[Exercise data — start]
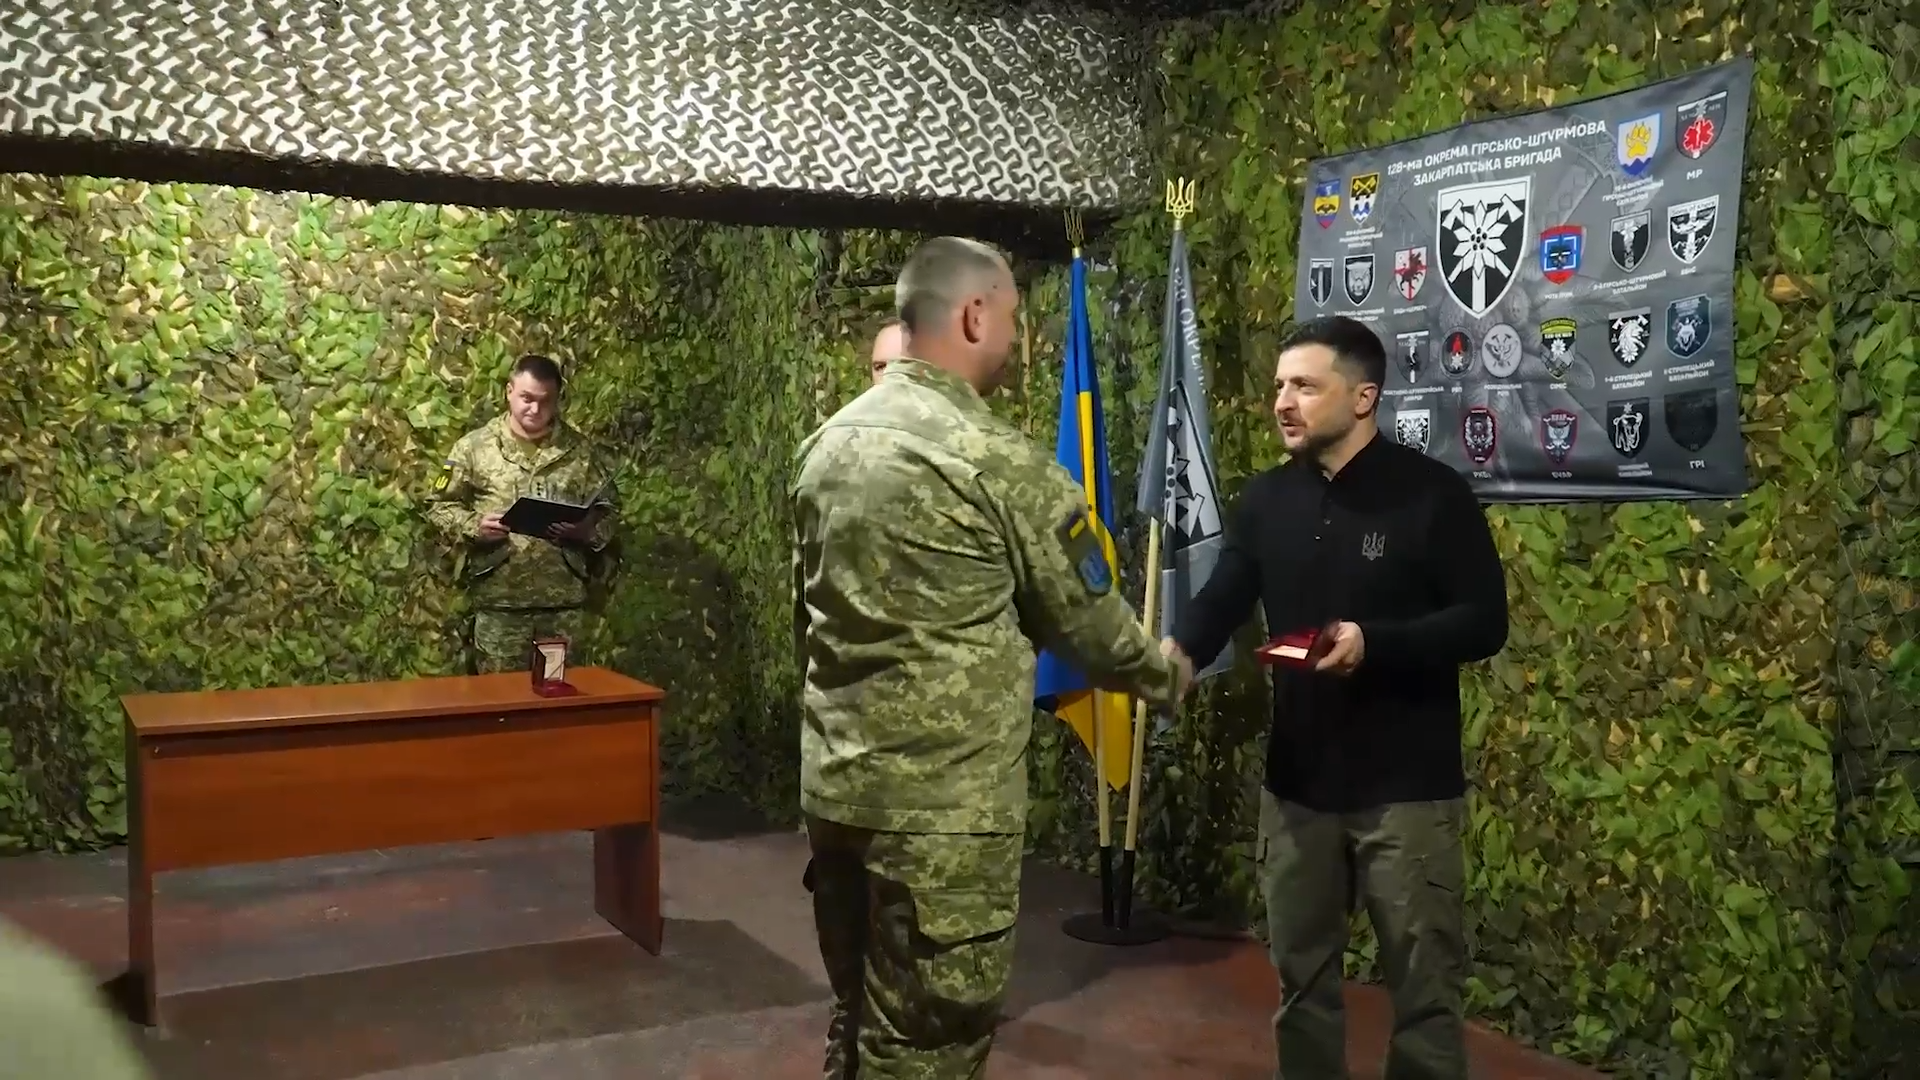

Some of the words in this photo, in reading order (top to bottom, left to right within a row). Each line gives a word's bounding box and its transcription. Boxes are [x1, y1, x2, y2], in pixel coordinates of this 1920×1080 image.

[1387, 160, 1422, 176] 128-ма
[1424, 144, 1469, 168] ОКРЕМА
[1471, 120, 1607, 157] ГІРСЬКО-ШТУРМОВА
[1413, 157, 1502, 187] ЗАКАРПАТСЬКА
[1504, 146, 1562, 169] БРИГАДА
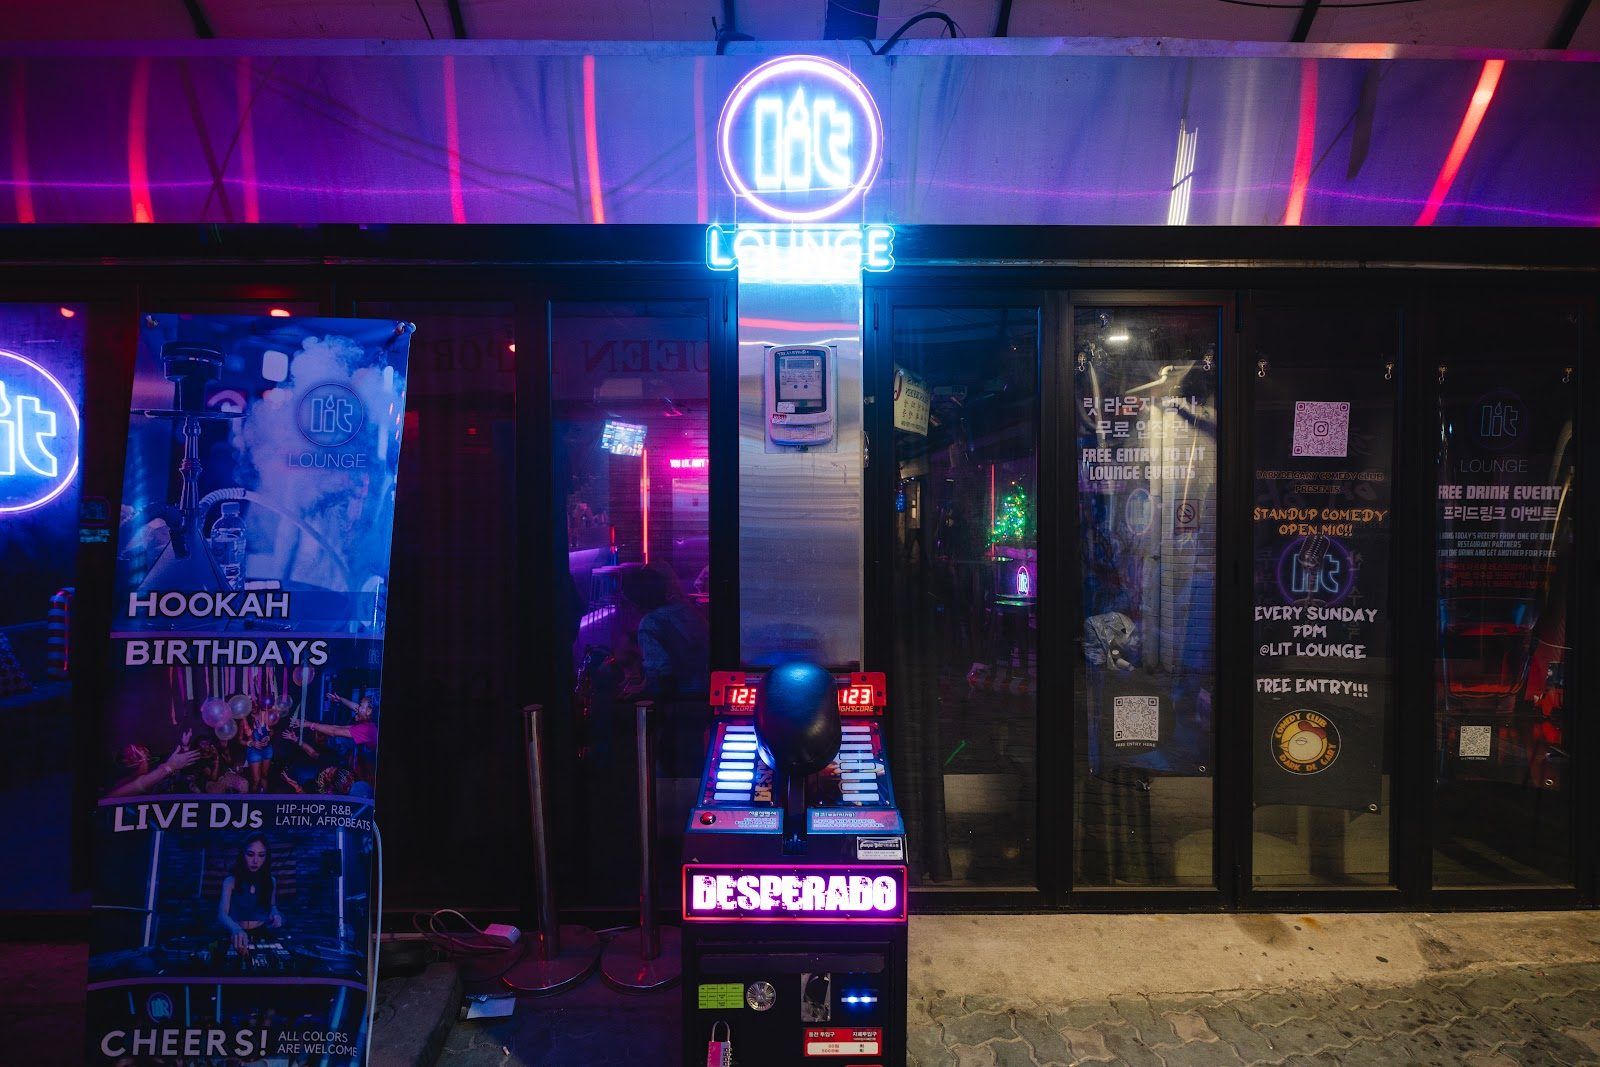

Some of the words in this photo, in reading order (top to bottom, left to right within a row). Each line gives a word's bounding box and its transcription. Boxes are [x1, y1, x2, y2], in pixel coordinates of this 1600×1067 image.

[709, 228, 891, 267] LOUNGE
[311, 394, 352, 433] lit
[1104, 395, 1155, 416] 라운지
[1095, 420, 1130, 440] 무료
[288, 452, 367, 469] LOUNGE
[1082, 448, 1112, 463] FREE
[1116, 447, 1159, 462] ENTRY
[1089, 465, 1140, 481] LOUNGE
[1460, 459, 1529, 473] LOUNGE
[1319, 471, 1358, 480] COMEDY
[1438, 485, 1462, 499] FREE
[1466, 485, 1510, 500] DRINK
[1513, 485, 1562, 500] EVENT
[1253, 507, 1319, 521] STANDUP
[1321, 507, 1389, 522] COMEDY
[1443, 505, 1507, 521] 프리드링크
[1511, 505, 1558, 521] 이벤트
[1278, 523, 1318, 536] OPEN
[1321, 523, 1354, 537] MIC!!
[1499, 532, 1517, 540] FROM
[128, 592, 289, 618] HOOKAH
[1254, 605, 1303, 622] EVERY
[1306, 606, 1378, 623] SUNDAY
[126, 639, 328, 667] BIRTHDAYS
[1259, 642, 1293, 656] @LIT
[1296, 642, 1367, 660] LOUNGE
[1256, 677, 1292, 694] FREE
[1295, 678, 1369, 698] ENTRY!!!
[843, 688, 871, 705] 123
[1275, 712, 1301, 739] COMEDY
[1305, 712, 1328, 728] CLUB
[114, 802, 199, 832] LIVE
[209, 802, 263, 828] DJs
[276, 804, 328, 817] HIP-HOP,
[331, 804, 353, 816] R&B,
[275, 815, 313, 827] LATIN,
[316, 816, 371, 831] AFROBEATS
[692, 874, 897, 911] DESPERADO
[100, 1028, 268, 1057] CHEERS!
[278, 1031, 299, 1042] ALL
[302, 1031, 348, 1043] COLORS
[277, 1043, 300, 1054] ARE
[304, 1043, 357, 1057] WELCOME
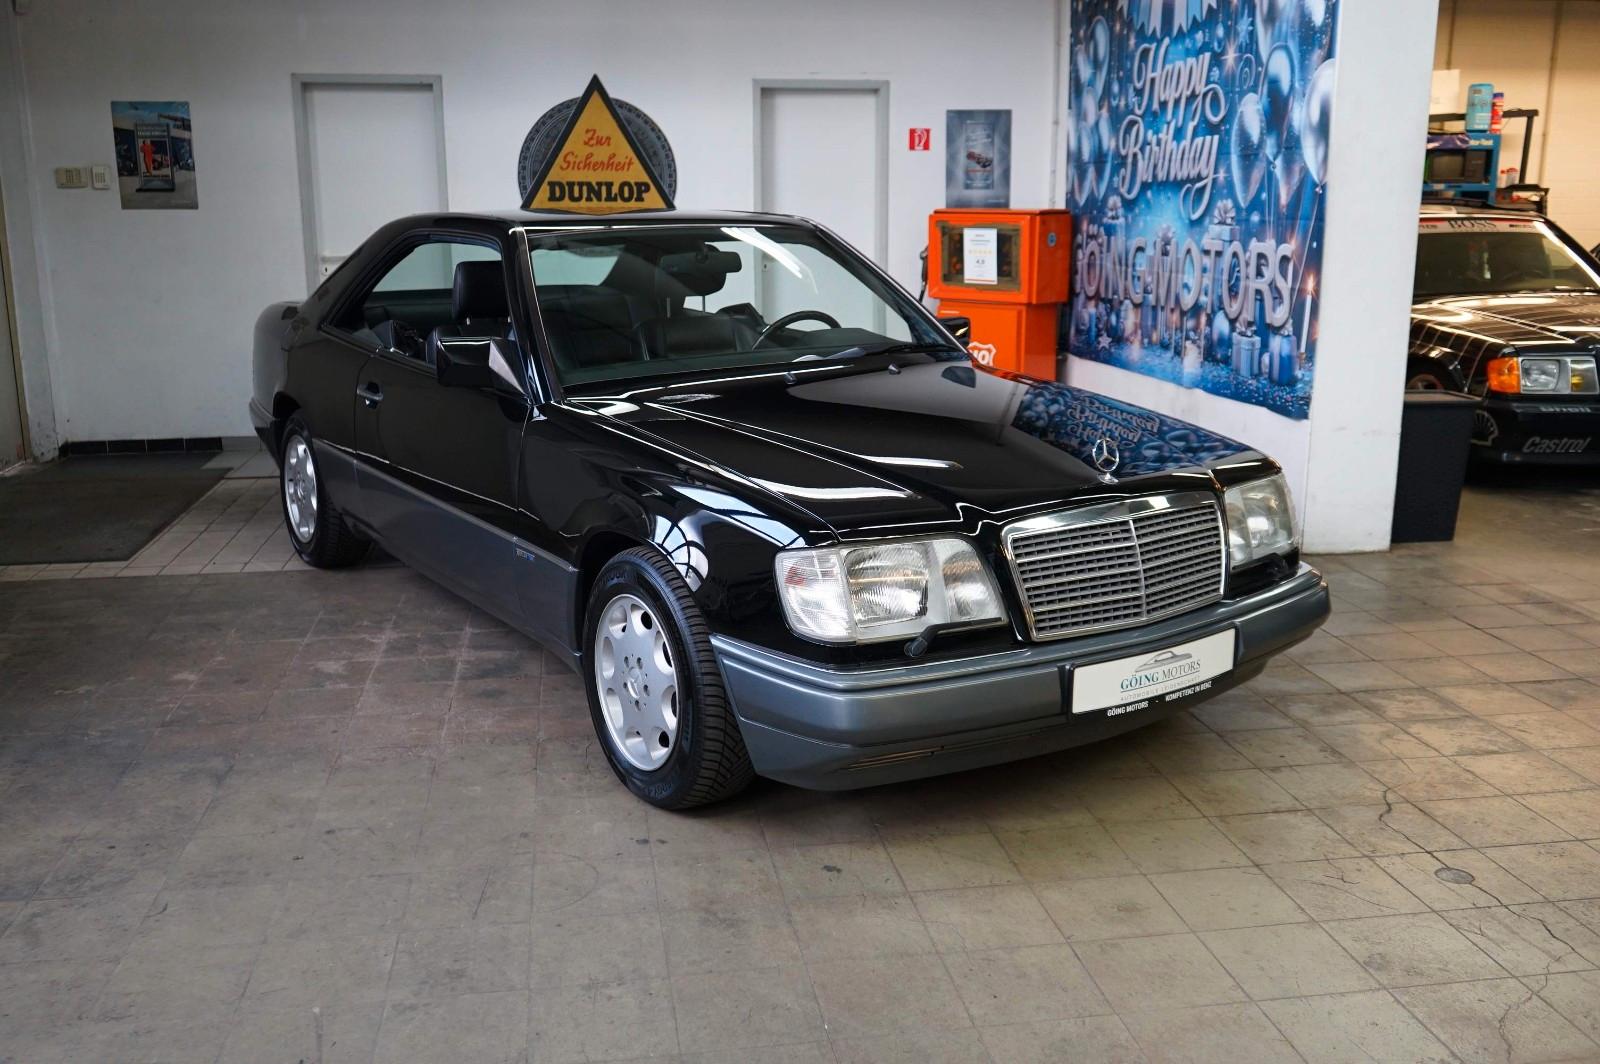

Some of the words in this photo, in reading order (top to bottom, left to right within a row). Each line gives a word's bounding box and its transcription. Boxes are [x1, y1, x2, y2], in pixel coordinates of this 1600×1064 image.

[1133, 37, 1229, 130] Happy
[583, 128, 612, 147] Zur
[560, 152, 635, 172] Sicherheit
[1119, 114, 1228, 221] Birthday
[547, 180, 651, 203] DUNLOP
[1151, 237, 1297, 328] MOTORS
[1522, 436, 1592, 453] Castrol
[1120, 674, 1159, 691] GÖING
[1161, 659, 1201, 682] MOTORS
[1107, 705, 1126, 717] GÖING
[1126, 701, 1149, 713] MOTORS
[Exercise data — finish]
§ **Assignment**
Set all of the records down once more, letter for letter, with the images removed.

§ **Your solution**
Some of the words in this photo, in reading order (top to bottom, left to right within a row). Each line gives a word's bounding box and its transcription. Boxes are [x1, y1, x2, y2], in pixel coordinates of this 1920×1080 image.

[1387, 160, 1422, 176] 128-ма
[1424, 144, 1469, 168] ОКРЕМА
[1471, 120, 1607, 157] ГІРСЬКО-ШТУРМОВА
[1413, 157, 1502, 187] ЗАКАРПАТСЬКА
[1504, 146, 1562, 169] БРИГАДА

Some of the words in this photo, in reading order (top to bottom, left to right within a row). Each line gives a word's bounding box and its transcription. Boxes are [x1, y1, x2, y2], in pixel coordinates of this 1600×1067 image.

[709, 228, 891, 267] LOUNGE
[311, 394, 352, 433] lit
[1104, 395, 1155, 416] 라운지
[1095, 420, 1130, 440] 무료
[288, 452, 367, 469] LOUNGE
[1082, 448, 1112, 463] FREE
[1116, 447, 1159, 462] ENTRY
[1089, 465, 1140, 481] LOUNGE
[1460, 459, 1529, 473] LOUNGE
[1319, 471, 1358, 480] COMEDY
[1438, 485, 1462, 499] FREE
[1466, 485, 1510, 500] DRINK
[1513, 485, 1562, 500] EVENT
[1253, 507, 1319, 521] STANDUP
[1321, 507, 1389, 522] COMEDY
[1443, 505, 1507, 521] 프리드링크
[1511, 505, 1558, 521] 이벤트
[1278, 523, 1318, 536] OPEN
[1321, 523, 1354, 537] MIC!!
[1499, 532, 1517, 540] FROM
[128, 592, 289, 618] HOOKAH
[1254, 605, 1303, 622] EVERY
[1306, 606, 1378, 623] SUNDAY
[126, 639, 328, 667] BIRTHDAYS
[1259, 642, 1293, 656] @LIT
[1296, 642, 1367, 660] LOUNGE
[1256, 677, 1292, 694] FREE
[1295, 678, 1369, 698] ENTRY!!!
[843, 688, 871, 705] 123
[1275, 712, 1301, 739] COMEDY
[1305, 712, 1328, 728] CLUB
[114, 802, 199, 832] LIVE
[209, 802, 263, 828] DJs
[276, 804, 328, 817] HIP-HOP,
[331, 804, 353, 816] R&B,
[275, 815, 313, 827] LATIN,
[316, 816, 371, 831] AFROBEATS
[692, 874, 897, 911] DESPERADO
[100, 1028, 268, 1057] CHEERS!
[278, 1031, 299, 1042] ALL
[302, 1031, 348, 1043] COLORS
[277, 1043, 300, 1054] ARE
[304, 1043, 357, 1057] WELCOME

Some of the words in this photo, in reading order (top to bottom, left to right within a row). Each line gives a word's bounding box and its transcription. Boxes are [x1, y1, x2, y2], in pixel coordinates of this 1600×1064 image.

[1133, 37, 1229, 130] Happy
[583, 128, 612, 147] Zur
[560, 152, 635, 172] Sicherheit
[1119, 114, 1228, 221] Birthday
[547, 180, 651, 203] DUNLOP
[1151, 237, 1297, 328] MOTORS
[1522, 436, 1592, 453] Castrol
[1120, 674, 1159, 691] GÖING
[1161, 659, 1201, 682] MOTORS
[1107, 705, 1126, 717] GÖING
[1126, 701, 1149, 713] MOTORS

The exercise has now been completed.